* _Stored data_:
════

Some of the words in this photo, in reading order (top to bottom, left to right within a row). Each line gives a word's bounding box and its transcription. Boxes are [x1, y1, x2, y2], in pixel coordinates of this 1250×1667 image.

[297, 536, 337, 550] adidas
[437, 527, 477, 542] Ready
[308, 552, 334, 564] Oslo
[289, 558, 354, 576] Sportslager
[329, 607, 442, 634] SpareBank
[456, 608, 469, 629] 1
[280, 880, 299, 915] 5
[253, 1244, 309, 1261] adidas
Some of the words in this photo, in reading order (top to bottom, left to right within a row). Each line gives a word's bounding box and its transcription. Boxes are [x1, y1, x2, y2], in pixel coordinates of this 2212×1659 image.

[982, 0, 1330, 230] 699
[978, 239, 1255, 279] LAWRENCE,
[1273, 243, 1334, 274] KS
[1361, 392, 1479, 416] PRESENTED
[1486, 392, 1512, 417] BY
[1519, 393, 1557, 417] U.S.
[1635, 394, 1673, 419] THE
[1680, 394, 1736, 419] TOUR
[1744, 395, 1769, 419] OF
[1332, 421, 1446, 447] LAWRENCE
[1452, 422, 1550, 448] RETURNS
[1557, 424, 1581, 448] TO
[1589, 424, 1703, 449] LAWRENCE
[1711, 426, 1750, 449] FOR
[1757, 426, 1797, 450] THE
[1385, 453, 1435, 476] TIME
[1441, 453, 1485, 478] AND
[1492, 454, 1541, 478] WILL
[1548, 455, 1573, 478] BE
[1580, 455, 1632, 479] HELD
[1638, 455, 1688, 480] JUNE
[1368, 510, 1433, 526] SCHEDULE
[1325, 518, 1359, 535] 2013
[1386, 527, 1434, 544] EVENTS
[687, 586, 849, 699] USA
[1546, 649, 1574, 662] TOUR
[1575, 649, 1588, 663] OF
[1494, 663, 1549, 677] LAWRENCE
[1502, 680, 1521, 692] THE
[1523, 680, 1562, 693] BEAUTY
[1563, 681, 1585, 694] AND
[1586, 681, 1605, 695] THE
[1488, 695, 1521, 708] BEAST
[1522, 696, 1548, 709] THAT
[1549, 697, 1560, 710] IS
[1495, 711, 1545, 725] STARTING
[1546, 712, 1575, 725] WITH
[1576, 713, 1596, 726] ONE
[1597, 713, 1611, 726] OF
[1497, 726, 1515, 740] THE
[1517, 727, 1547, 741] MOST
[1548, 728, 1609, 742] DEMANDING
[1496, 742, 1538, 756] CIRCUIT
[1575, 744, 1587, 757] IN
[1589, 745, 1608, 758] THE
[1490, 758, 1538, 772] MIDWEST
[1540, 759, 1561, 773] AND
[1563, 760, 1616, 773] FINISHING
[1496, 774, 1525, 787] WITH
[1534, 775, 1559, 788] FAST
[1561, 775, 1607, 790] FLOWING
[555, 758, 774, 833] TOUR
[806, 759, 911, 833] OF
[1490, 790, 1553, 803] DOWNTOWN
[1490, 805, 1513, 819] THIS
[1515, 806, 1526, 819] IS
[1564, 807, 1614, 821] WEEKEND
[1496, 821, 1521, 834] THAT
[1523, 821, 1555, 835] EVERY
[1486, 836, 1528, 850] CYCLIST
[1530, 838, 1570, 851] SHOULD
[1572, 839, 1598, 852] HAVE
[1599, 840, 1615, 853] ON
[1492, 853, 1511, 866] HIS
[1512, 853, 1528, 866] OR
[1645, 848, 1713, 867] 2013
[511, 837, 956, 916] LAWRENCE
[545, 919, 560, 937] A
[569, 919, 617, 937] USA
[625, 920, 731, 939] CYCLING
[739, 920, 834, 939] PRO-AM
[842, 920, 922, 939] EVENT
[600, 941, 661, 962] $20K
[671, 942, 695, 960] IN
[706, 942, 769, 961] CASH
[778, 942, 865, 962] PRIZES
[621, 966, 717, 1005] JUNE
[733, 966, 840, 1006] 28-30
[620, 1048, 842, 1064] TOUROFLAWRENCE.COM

════

* _What you should do_: Write out the data once more, word for word.

* _Expected answer_:
Some of the words in this photo, in reading order (top to bottom, left to right within a row). Each line gives a word's bounding box and its transcription. Boxes are [x1, y1, x2, y2], in pixel coordinates of this 1250×1667 image.

[297, 536, 337, 550] adidas
[437, 527, 477, 542] Ready
[308, 552, 334, 564] Oslo
[289, 558, 354, 576] Sportslager
[329, 607, 442, 634] SpareBank
[456, 608, 469, 629] 1
[280, 880, 299, 915] 5
[253, 1244, 309, 1261] adidas
Some of the words in this photo, in reading order (top to bottom, left to right within a row). Each line gives a word's bounding box and its transcription. Boxes are [x1, y1, x2, y2], in pixel coordinates of this 2212×1659 image.

[982, 0, 1330, 230] 699
[978, 239, 1255, 279] LAWRENCE,
[1273, 243, 1334, 274] KS
[1361, 392, 1479, 416] PRESENTED
[1486, 392, 1512, 417] BY
[1519, 393, 1557, 417] U.S.
[1635, 394, 1673, 419] THE
[1680, 394, 1736, 419] TOUR
[1744, 395, 1769, 419] OF
[1332, 421, 1446, 447] LAWRENCE
[1452, 422, 1550, 448] RETURNS
[1557, 424, 1581, 448] TO
[1589, 424, 1703, 449] LAWRENCE
[1711, 426, 1750, 449] FOR
[1757, 426, 1797, 450] THE
[1385, 453, 1435, 476] TIME
[1441, 453, 1485, 478] AND
[1492, 454, 1541, 478] WILL
[1548, 455, 1573, 478] BE
[1580, 455, 1632, 479] HELD
[1638, 455, 1688, 480] JUNE
[1368, 510, 1433, 526] SCHEDULE
[1325, 518, 1359, 535] 2013
[1386, 527, 1434, 544] EVENTS
[687, 586, 849, 699] USA
[1546, 649, 1574, 662] TOUR
[1575, 649, 1588, 663] OF
[1494, 663, 1549, 677] LAWRENCE
[1502, 680, 1521, 692] THE
[1523, 680, 1562, 693] BEAUTY
[1563, 681, 1585, 694] AND
[1586, 681, 1605, 695] THE
[1488, 695, 1521, 708] BEAST
[1522, 696, 1548, 709] THAT
[1549, 697, 1560, 710] IS
[1495, 711, 1545, 725] STARTING
[1546, 712, 1575, 725] WITH
[1576, 713, 1596, 726] ONE
[1597, 713, 1611, 726] OF
[1497, 726, 1515, 740] THE
[1517, 727, 1547, 741] MOST
[1548, 728, 1609, 742] DEMANDING
[1496, 742, 1538, 756] CIRCUIT
[1575, 744, 1587, 757] IN
[1589, 745, 1608, 758] THE
[1490, 758, 1538, 772] MIDWEST
[1540, 759, 1561, 773] AND
[1563, 760, 1616, 773] FINISHING
[1496, 774, 1525, 787] WITH
[1534, 775, 1559, 788] FAST
[1561, 775, 1607, 790] FLOWING
[555, 758, 774, 833] TOUR
[806, 759, 911, 833] OF
[1490, 790, 1553, 803] DOWNTOWN
[1490, 805, 1513, 819] THIS
[1515, 806, 1526, 819] IS
[1564, 807, 1614, 821] WEEKEND
[1496, 821, 1521, 834] THAT
[1523, 821, 1555, 835] EVERY
[1486, 836, 1528, 850] CYCLIST
[1530, 838, 1570, 851] SHOULD
[1572, 839, 1598, 852] HAVE
[1599, 840, 1615, 853] ON
[1492, 853, 1511, 866] HIS
[1512, 853, 1528, 866] OR
[1645, 848, 1713, 867] 2013
[511, 837, 956, 916] LAWRENCE
[545, 919, 560, 937] A
[569, 919, 617, 937] USA
[625, 920, 731, 939] CYCLING
[739, 920, 834, 939] PRO-AM
[842, 920, 922, 939] EVENT
[600, 941, 661, 962] $20K
[671, 942, 695, 960] IN
[706, 942, 769, 961] CASH
[778, 942, 865, 962] PRIZES
[621, 966, 717, 1005] JUNE
[733, 966, 840, 1006] 28-30
[620, 1048, 842, 1064] TOUROFLAWRENCE.COM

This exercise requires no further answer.